„Die Liebe hört niemals auf. Prophetisches Reden hat ein Ende, Zungenrede verstummt, Erkenntnis vergeht. Denn Stückwerk ist unser Erkennen, Stückwerk unser prophetisches Reden; wenn aber das Vollendete kommt, vergeht alles Stückwerk. Als ich ein Kind war, redete ich wie ein Kind, dachte wie ein Kind und urteilte wie ein Kind. Als ich ein Mann wurde, legte ich ab, was Kind an mir war. Jetzt schauen wir in einen Spiegel und sehen nur rätselhafte Umrisse, dann aber schauen wir von Angesicht zu Angesicht. Jetzt erkenne ich unvollkommen, dann aber werde ich durch und durch erkennen, so wie ich auch durch und durch erkannt worden bin. Für jetzt bleiben Glaube, Hoffnung, Liebe, diese drei; doch am größten unter ihnen ist die Liebe.“ (1. Korinther 13, 8–17)
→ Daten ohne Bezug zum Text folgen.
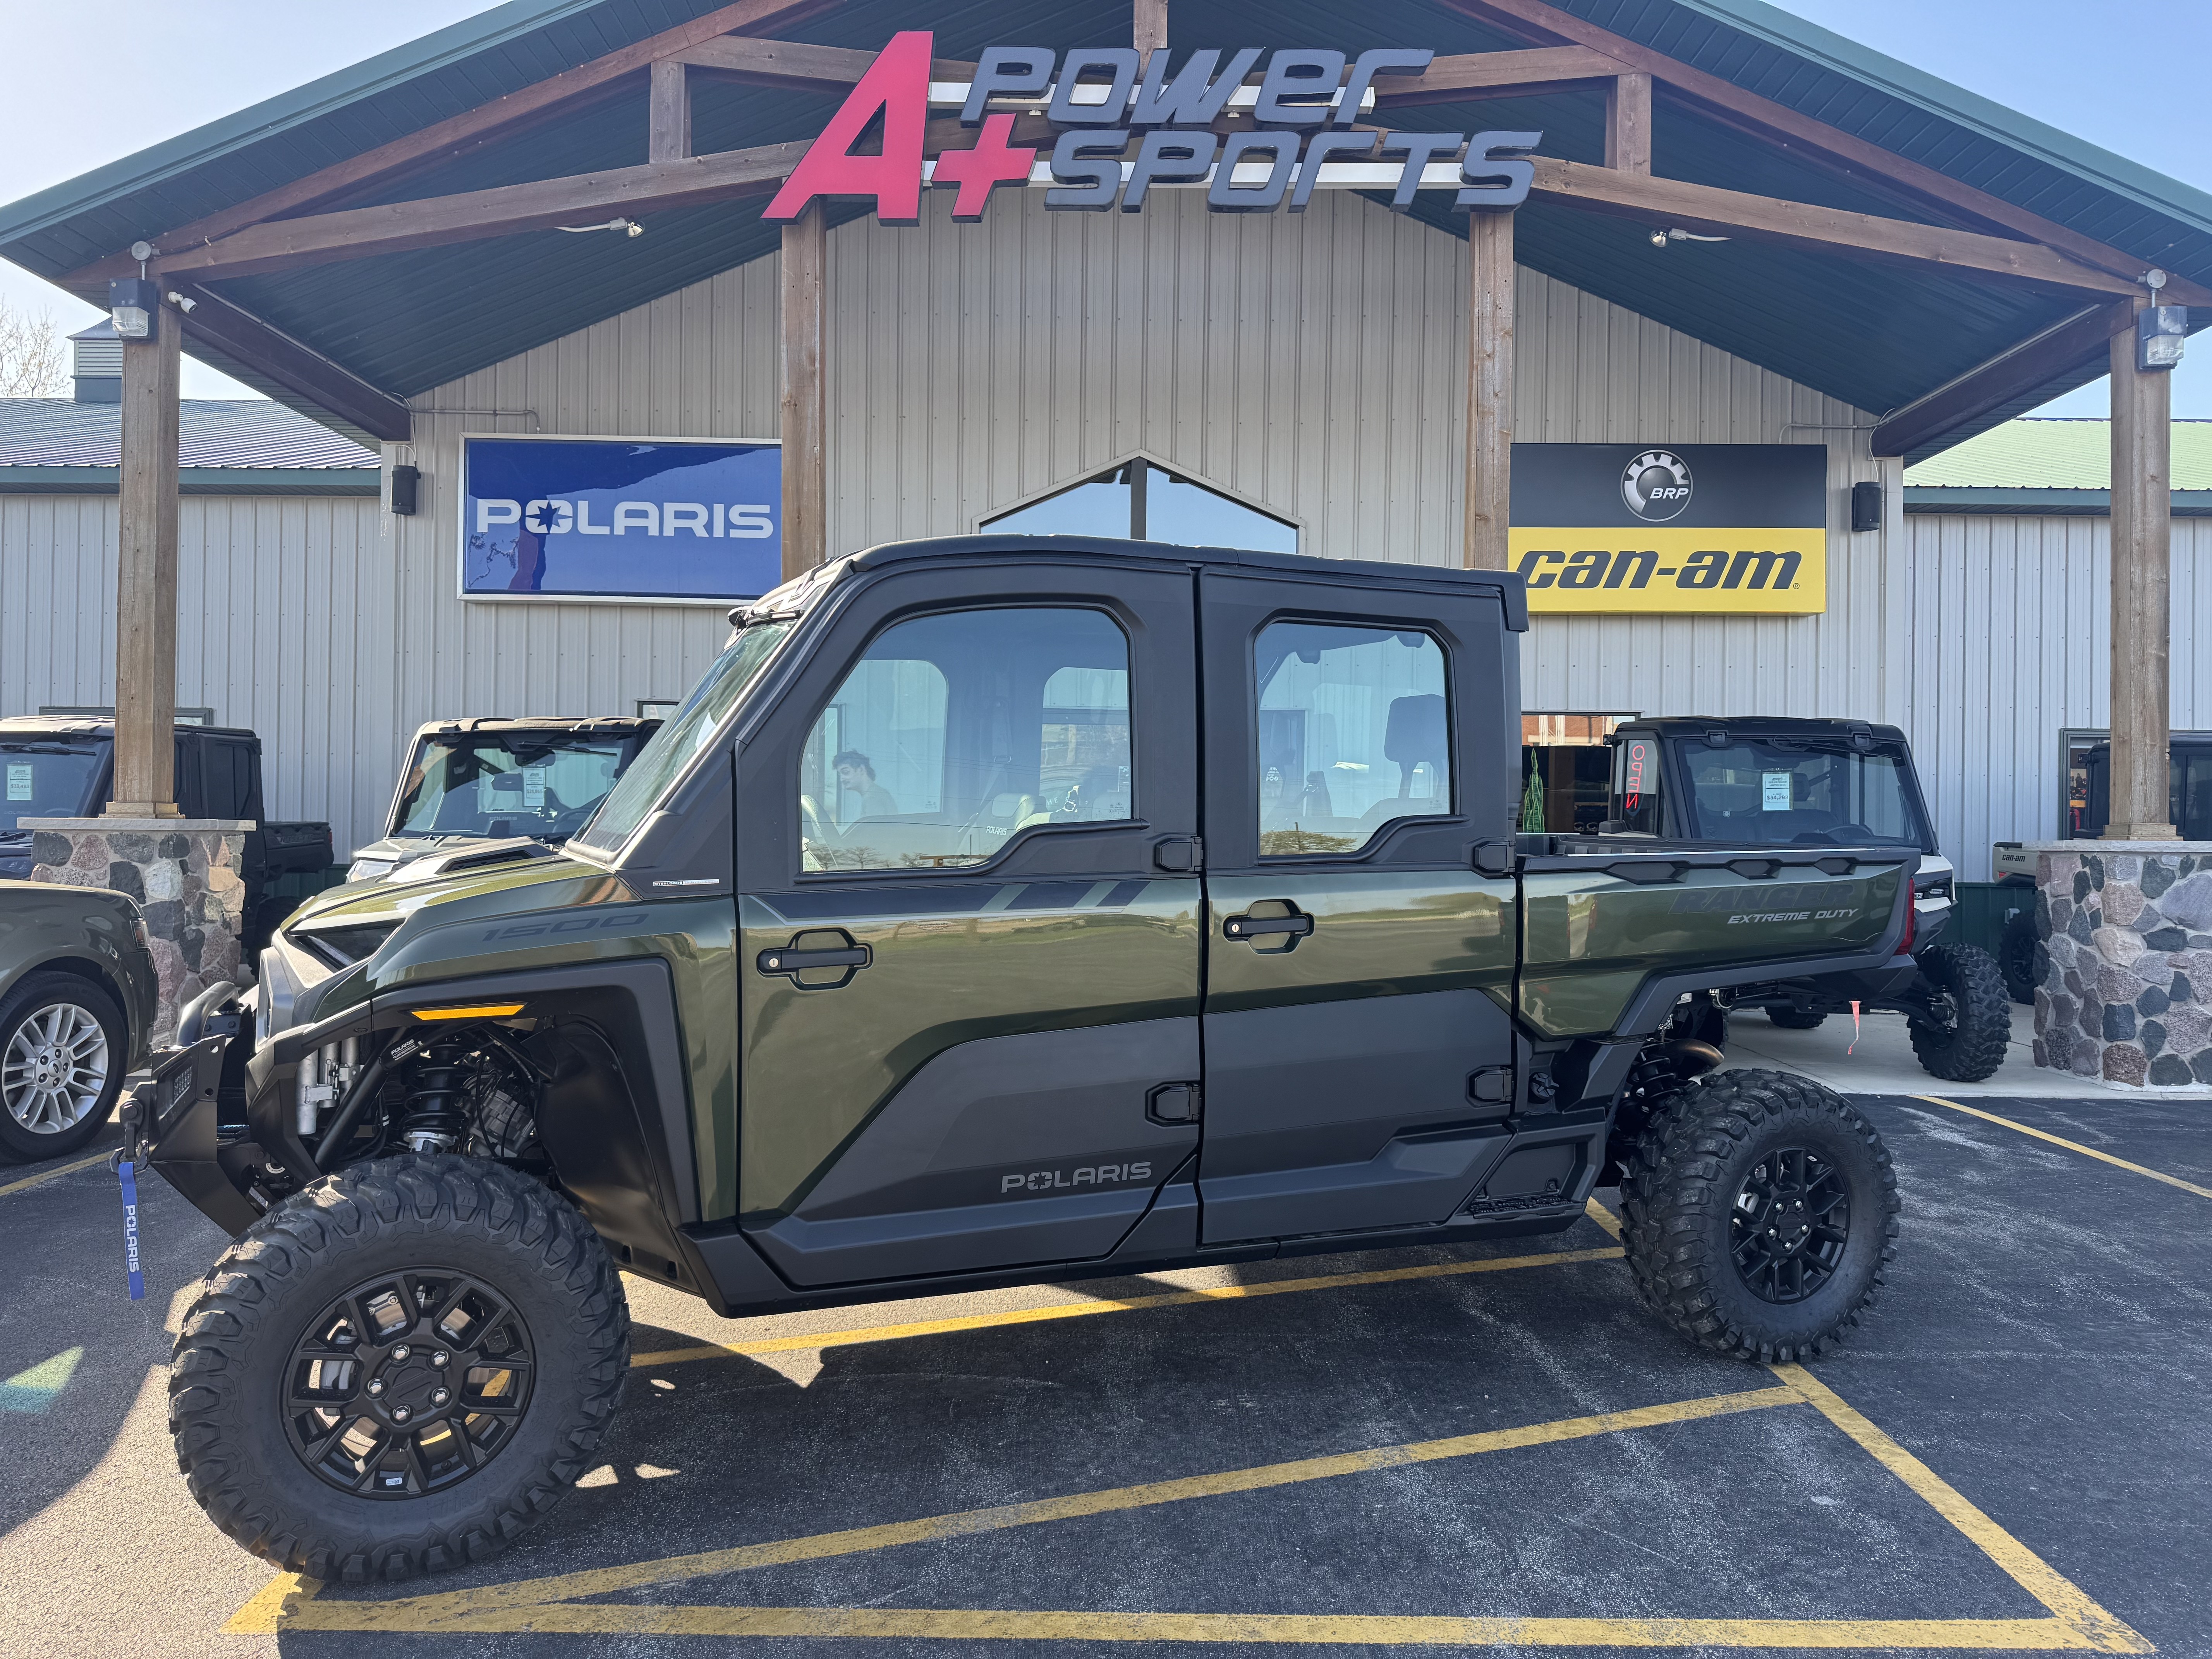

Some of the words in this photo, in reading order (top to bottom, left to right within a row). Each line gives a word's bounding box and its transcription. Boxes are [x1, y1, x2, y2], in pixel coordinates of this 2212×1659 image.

Ganz unterschiedliche Reaktionen hat dieser großformatige „Blickfang“ ausgelöst — genau das war beabsichtigt. Denn Bilder wollen nicht die Frage stellen „Gefalle ich dir?“ sondern: „Was siehst du?“ Hier nun eine kleine „Sehhilfe“, in der ich versuche, Sie in die Gedanken und Gefühle mithineinzunehmen, die mich zu diesem Bild angeregt haben.

Gewebe

Den Untergrund bildet ein Gewebe, ein Ineinander von horizontalen und vertikalen Fäden.
Gewebe als Symbol für das Miteinander in der Gemeinde. Zusammen entsteht aus den vielen einzelnen Fäden etwas Neues, Größeres — ein tragfähiges Beziehungs-Netz, in dem sich jeder aufgefangen und gehalten fühlen kann.
Gewebe als Symbol für Lebens-Geschichte. Wir Menschen sind hineingewoben in diese Welt mit allen Licht- und Schattenseiten. Wir leben hier auf dieser Erde. Das Gewebe hat keinen erkennbaren Rand, es geht darüber hinaus, ist quasi endlos. Damit sehen wir nur einen Ausschnitt aus einem viel größeren Bild, ein Stück aus einer viel größeren Geschichte. Einer Geschichte, in der sich Gottes vertikale Fäden immer wieder mit unseren irdischen, horizontalen kreuzen.

 

Blau, Weiß, Gold

Zentraler „Blickfang“ ist der Bibelvers, der bis zum Umbau 1999 an genau dieser Wand des Gemeindesaales zu lesen war und der auch die Stirnwand des alten Saales im Haus des BFeG schmückte: „Jesus Christus gestern und heute und derselbe auch in Ewigkeit.“
Jesus Christus ist das helle Licht in unserem „nachtblauen“ Gestern und Heute, erfüllt von Sehnsucht und Hoffnung auf die „rahmensprengende“ Ewigkeit. Die Farben Gelb-Gold und Blau zitieren dabei das Bild an der Stirnwand (siehe Seite 4).

 

Alles klar?

Beim Versuch, den Text zu lesen, strengt man die Augen an, um scharf zu sehen, was nicht scharf zu sehen ist. Manch einer zweifelt dabei an der Stärke seiner Brillengläser. Die oft als selbstverständlich hingenommene Aussage wird auf diese Weise zur provozierenden Frage. Ist wirklich alles klar? Sind gut bekannte biblische Aussagen wirklich so „klar“? Oder läuft in meinem, in Ihrem Leben wirklich alles so glatt, ist so eindeutig zu sehen, wie wir das gerne hätten? Das wäre schön. Zu schön. Doch da gibt es Fragen, Unsicherheiten, Unschärfen — wie in einem matten Spiegel. (Das meinte Paulus in seinem Brief an die Korinther mit dem Wort „Spiegel“, denn damals waren sie alles andere als klar und scharf.) Die Sätze unserer Lebensgeschichte sind nicht mit einfarbigen, gleichgroßen Wörtern in einer geraden Reihe geschrieben. Zum Leben gehören unterschiedliche Farben und Akzente, gehört Wichtiges und Unwichtiges, Auf und Ab, Groß und Klein. Dieses Leben, diese Bewegung, steckt auch in dem Wandbild.
Ich wünsche mir selbst und jedem, der dieses Bild sieht, dass die richtigen „Lebens“-Wörter groß geschrieben werden. Und dass wir bei allem, in das wir hineingewoben sind, nie aus dem Auge verlieren, wer unsere Hoffnung ist, wer vor allem da war, ist und bleiben wird: Jesus Christus. Und dass wir mit ihm in Ewigkeit leben dürfen.